Your assignment:
Beginning with the line that includes "this 1200×1600 image." and ending with the last line, print the records exactly, leaving every picture out.

#### Information given ####

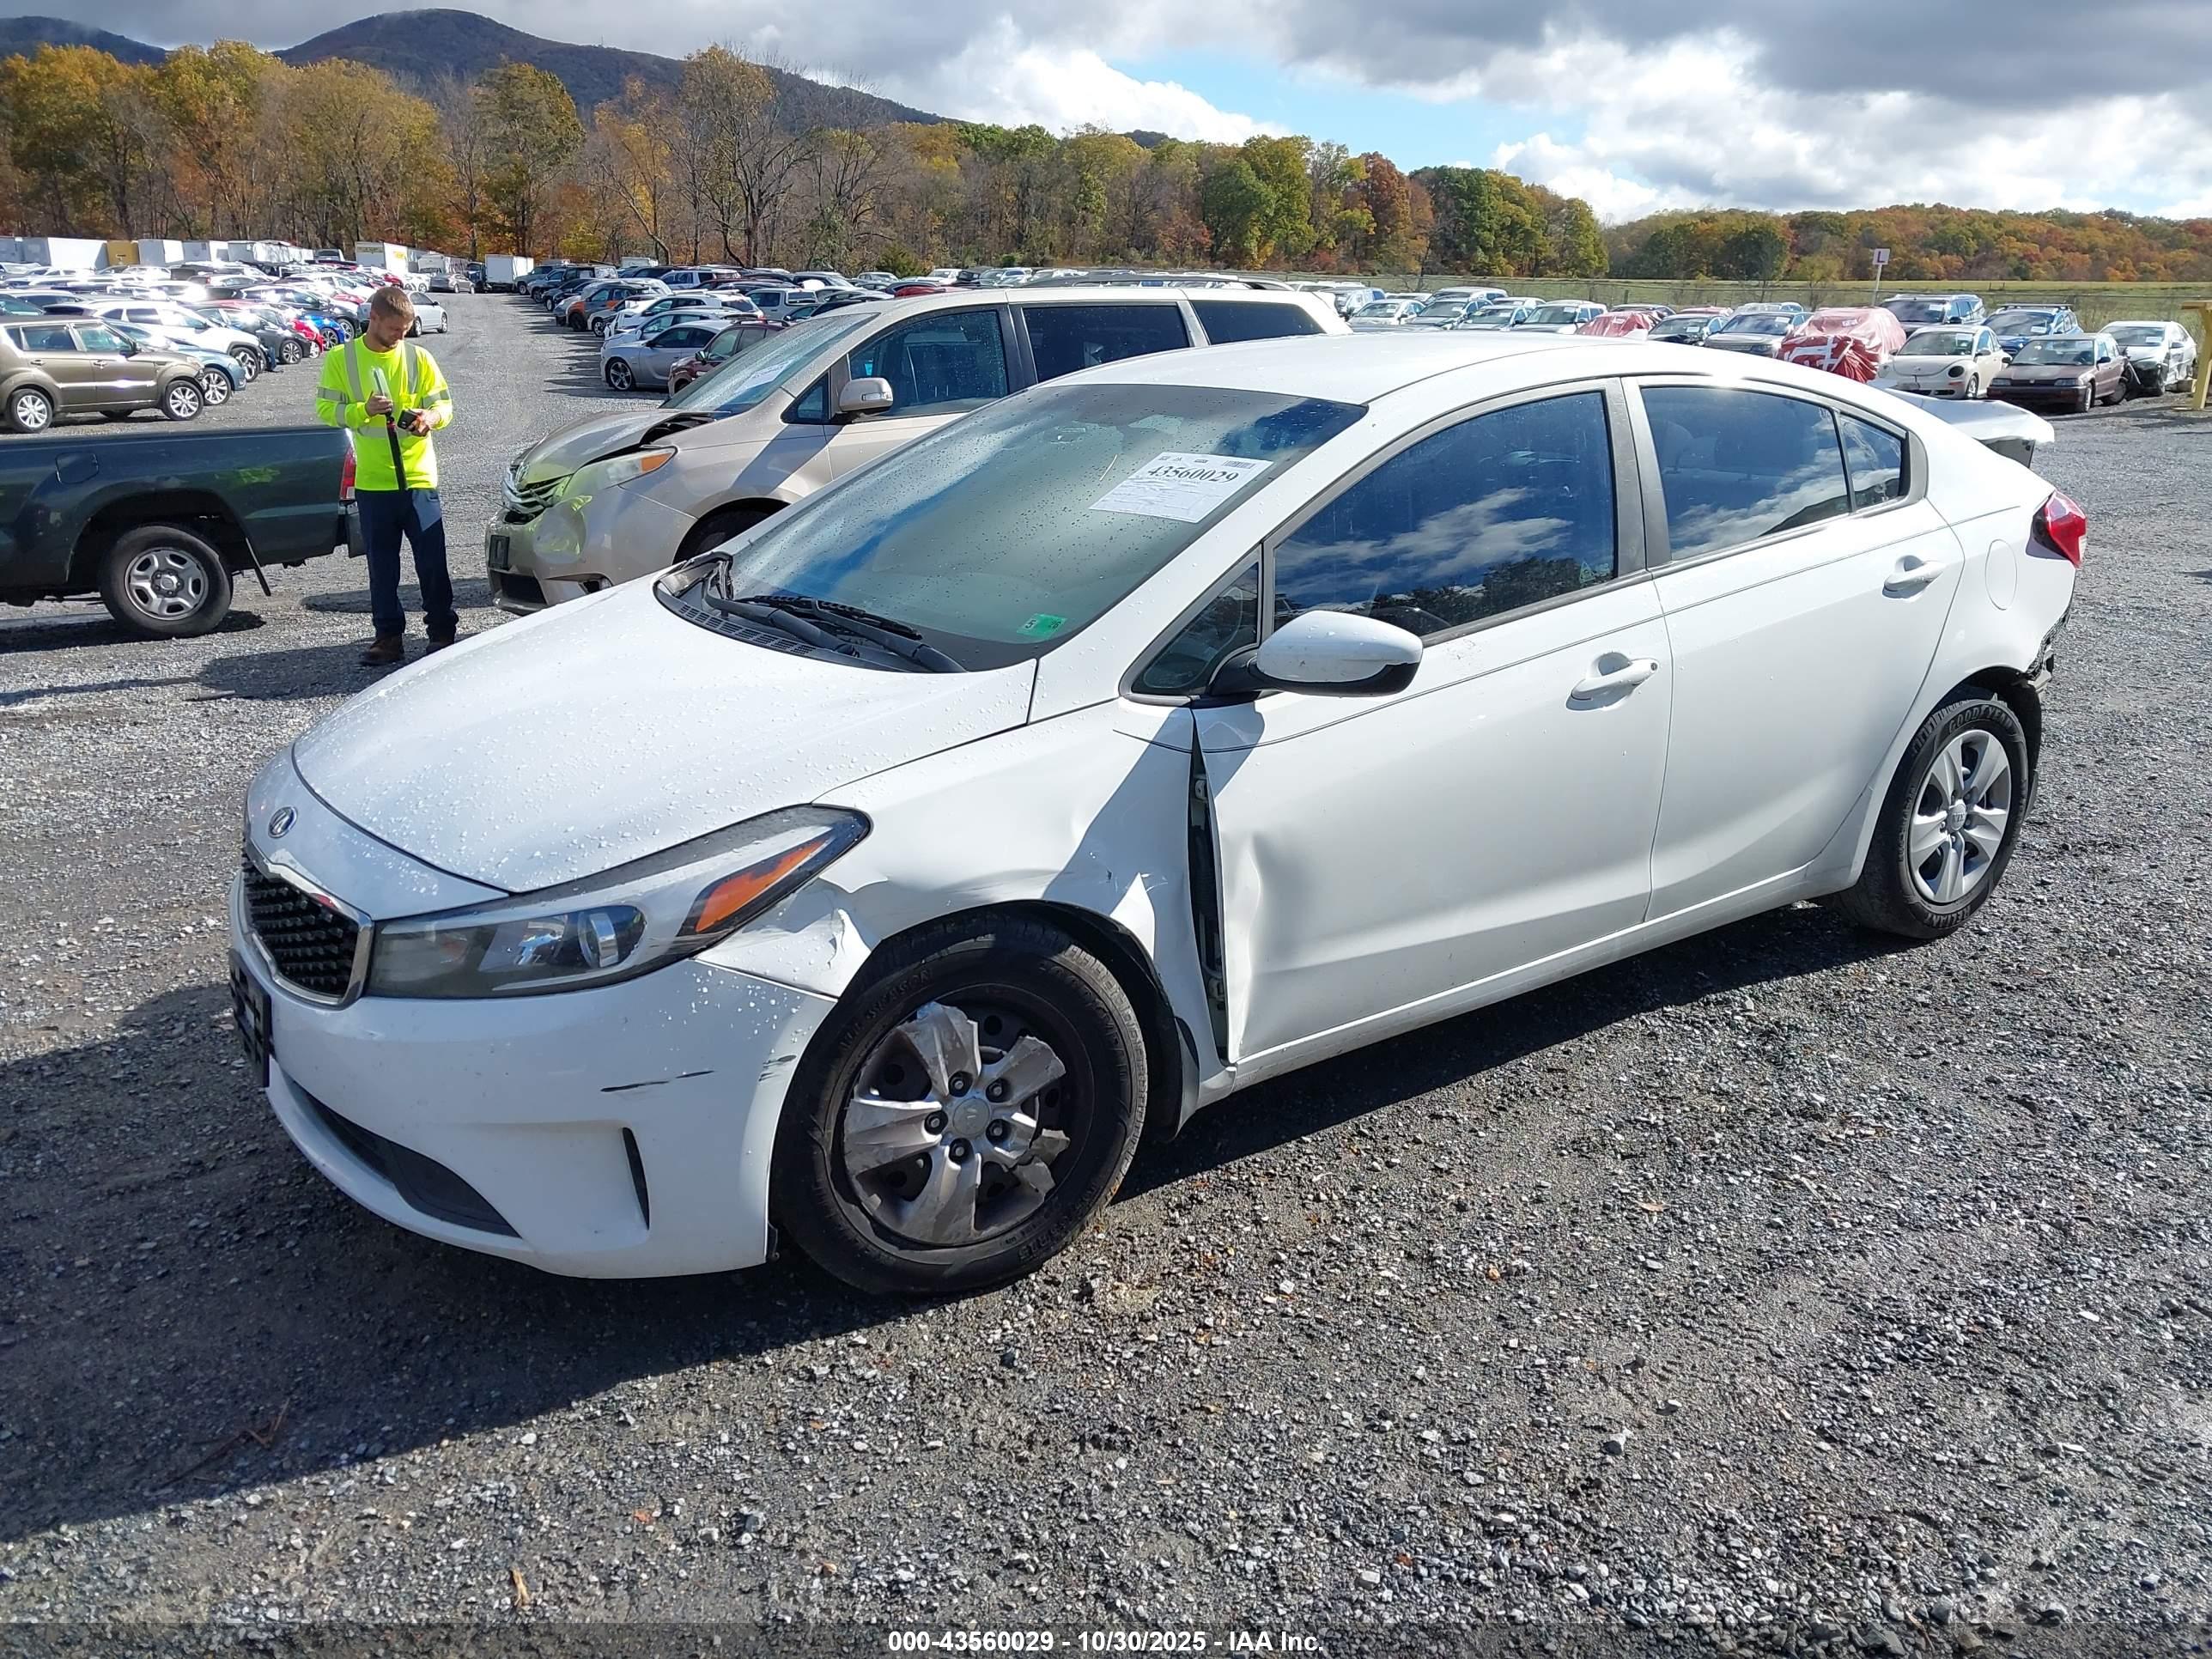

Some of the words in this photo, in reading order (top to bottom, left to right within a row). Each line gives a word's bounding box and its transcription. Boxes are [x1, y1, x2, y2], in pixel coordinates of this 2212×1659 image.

[1877, 251, 1887, 263] L
[1148, 465, 1239, 483] 43560029
[1948, 704, 2013, 734] GOODYEAR
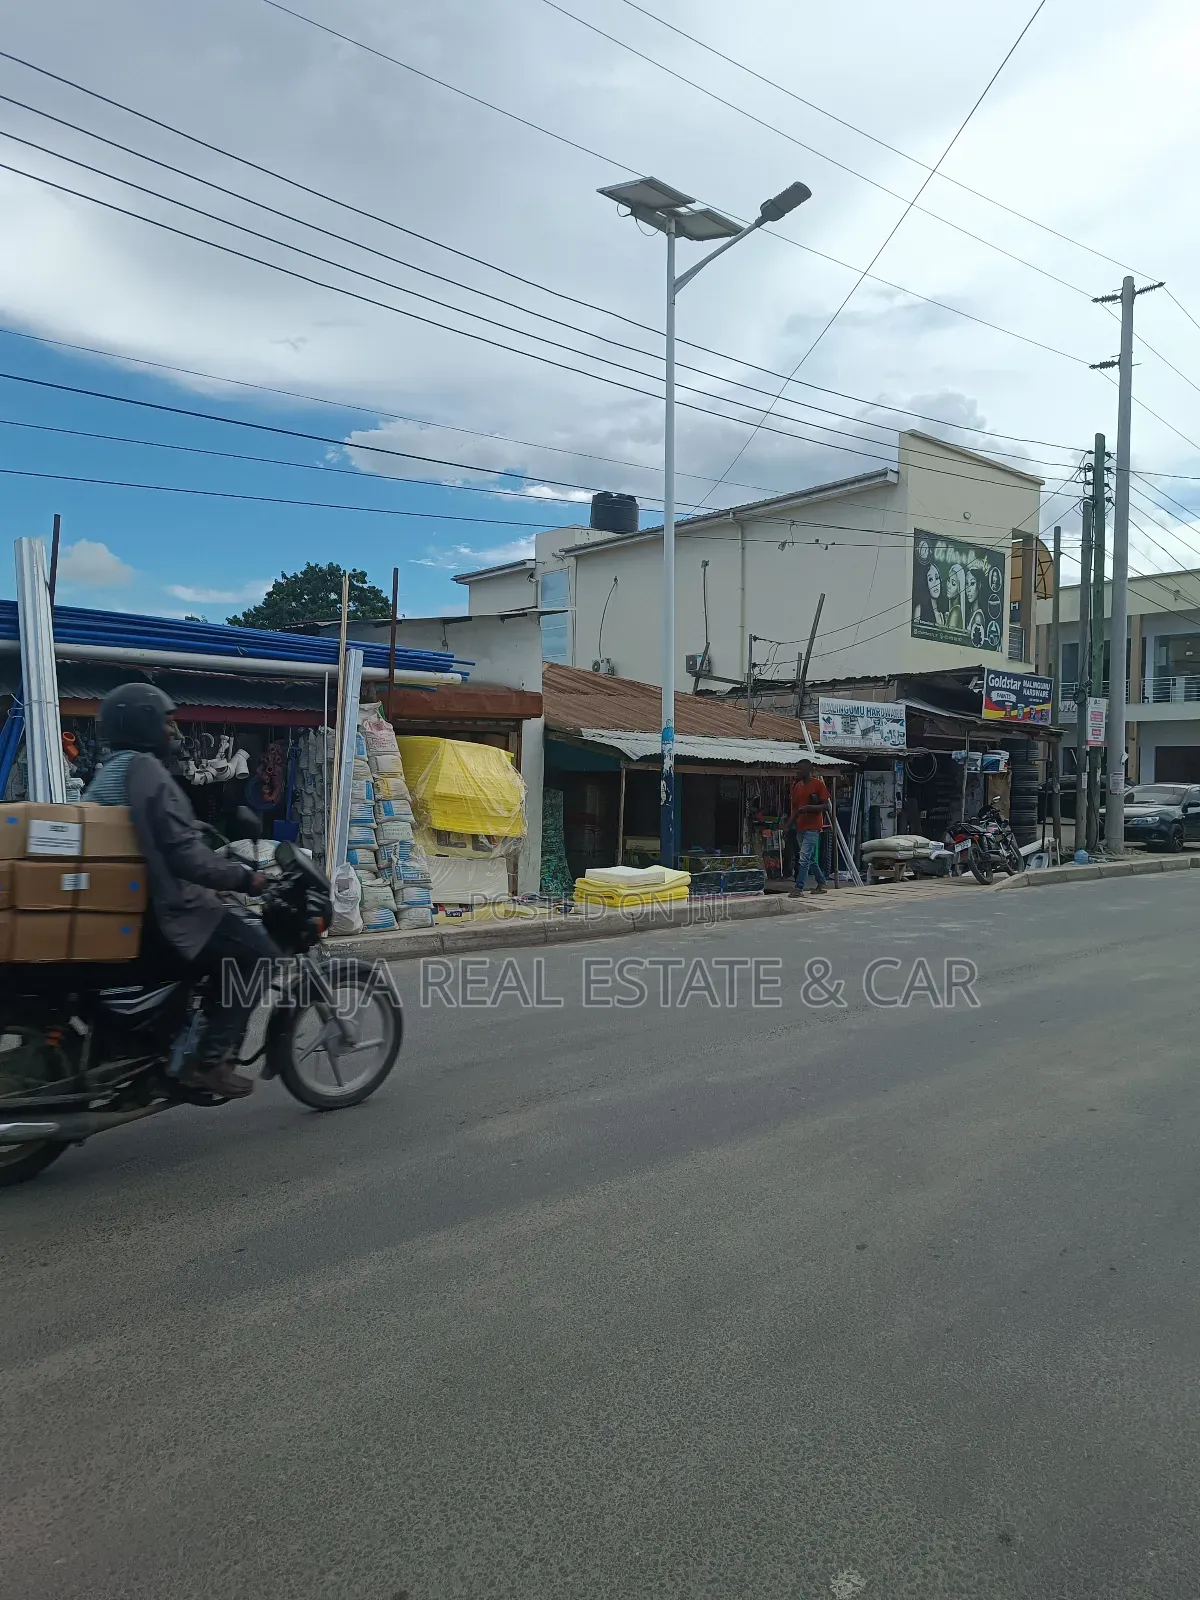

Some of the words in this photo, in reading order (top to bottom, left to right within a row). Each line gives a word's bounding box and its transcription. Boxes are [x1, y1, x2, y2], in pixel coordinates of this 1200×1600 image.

[988, 673, 1021, 690] Goldstar
[1022, 687, 1049, 698] HARDWARE
[866, 706, 905, 719] HARDWARE
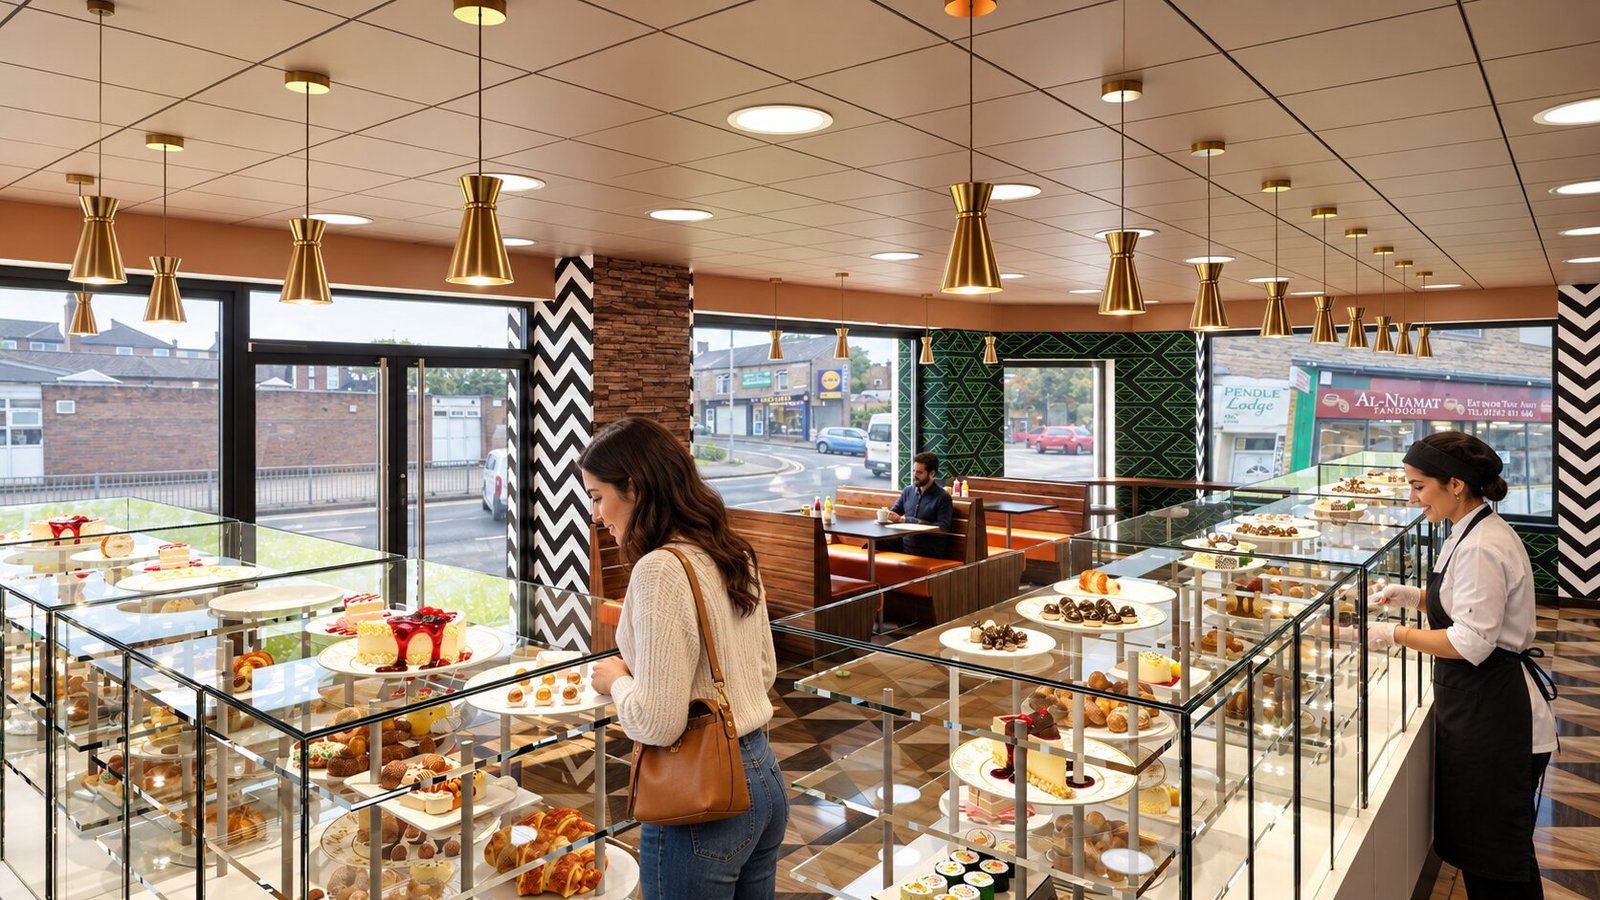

####

Output for this task:
Some of the words in this photo, in reading order (top to bottom, left to right within a row). Each line gives a word's bounding box and its transcription. Boxes are [x1, y1, x2, y2], in pixel coordinates of this 1200×1600 image.

[988, 673, 1021, 690] Goldstar
[1022, 687, 1049, 698] HARDWARE
[866, 706, 905, 719] HARDWARE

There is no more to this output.